Task details: This calls for a word-for-word copy of all the data, with each picture removed.

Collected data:
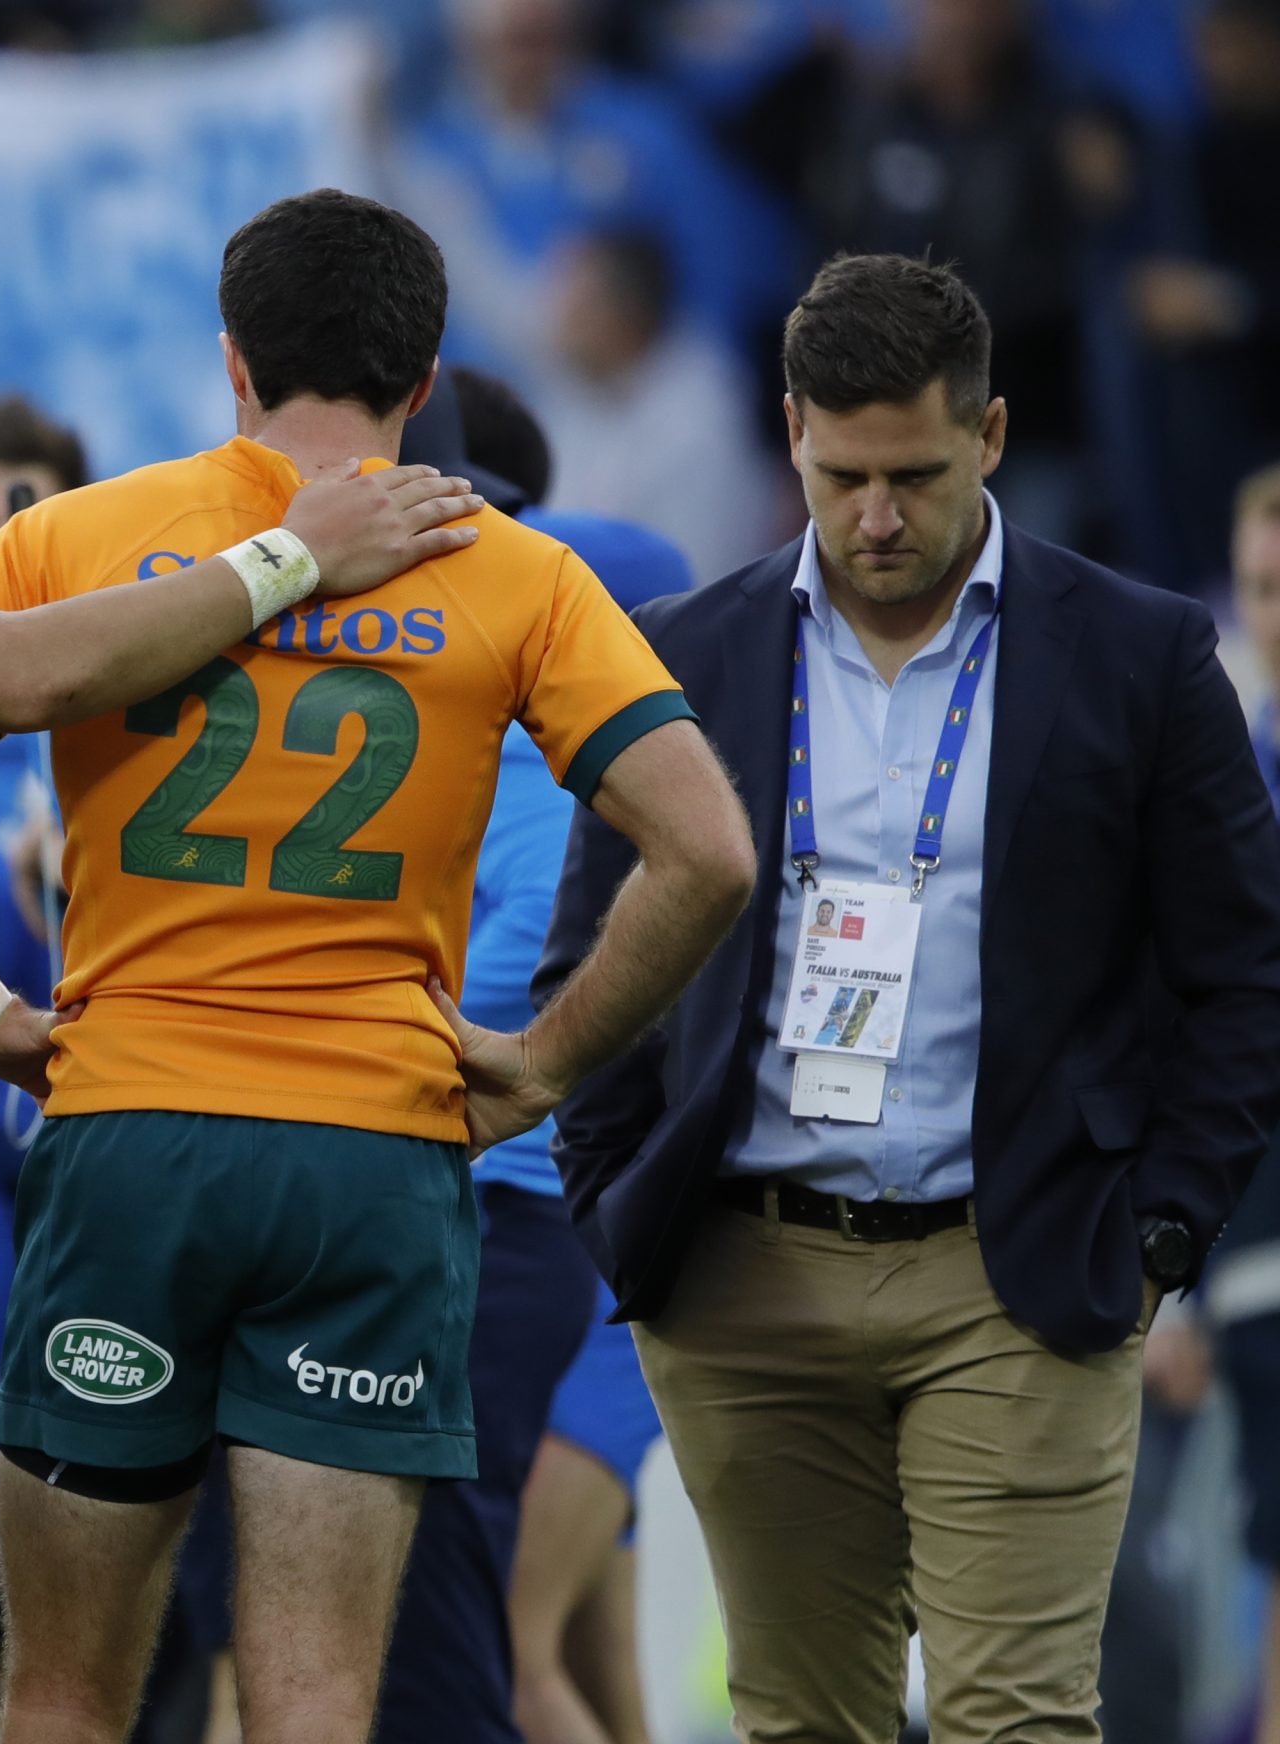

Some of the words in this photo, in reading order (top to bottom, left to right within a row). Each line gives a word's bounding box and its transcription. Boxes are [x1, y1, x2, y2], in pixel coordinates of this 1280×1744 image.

[120, 655, 419, 901] 22
[844, 899, 865, 907] TEAM
[806, 964, 837, 977] ITALIA
[839, 967, 850, 978] VS
[851, 968, 902, 983] AUSTRALIA
[64, 1333, 123, 1360] LAND
[71, 1357, 145, 1386] ROVER

Solution below:
Some of the words in this photo, in reading order (top to bottom, left to right within a row). Each line gives a word's bounding box and its transcription. Boxes are [x1, y1, x2, y2], in pixel coordinates of this 1280×1744 image.

[120, 655, 419, 901] 22
[844, 899, 865, 907] TEAM
[806, 964, 837, 977] ITALIA
[839, 967, 850, 978] VS
[851, 968, 902, 983] AUSTRALIA
[64, 1333, 123, 1360] LAND
[71, 1357, 145, 1386] ROVER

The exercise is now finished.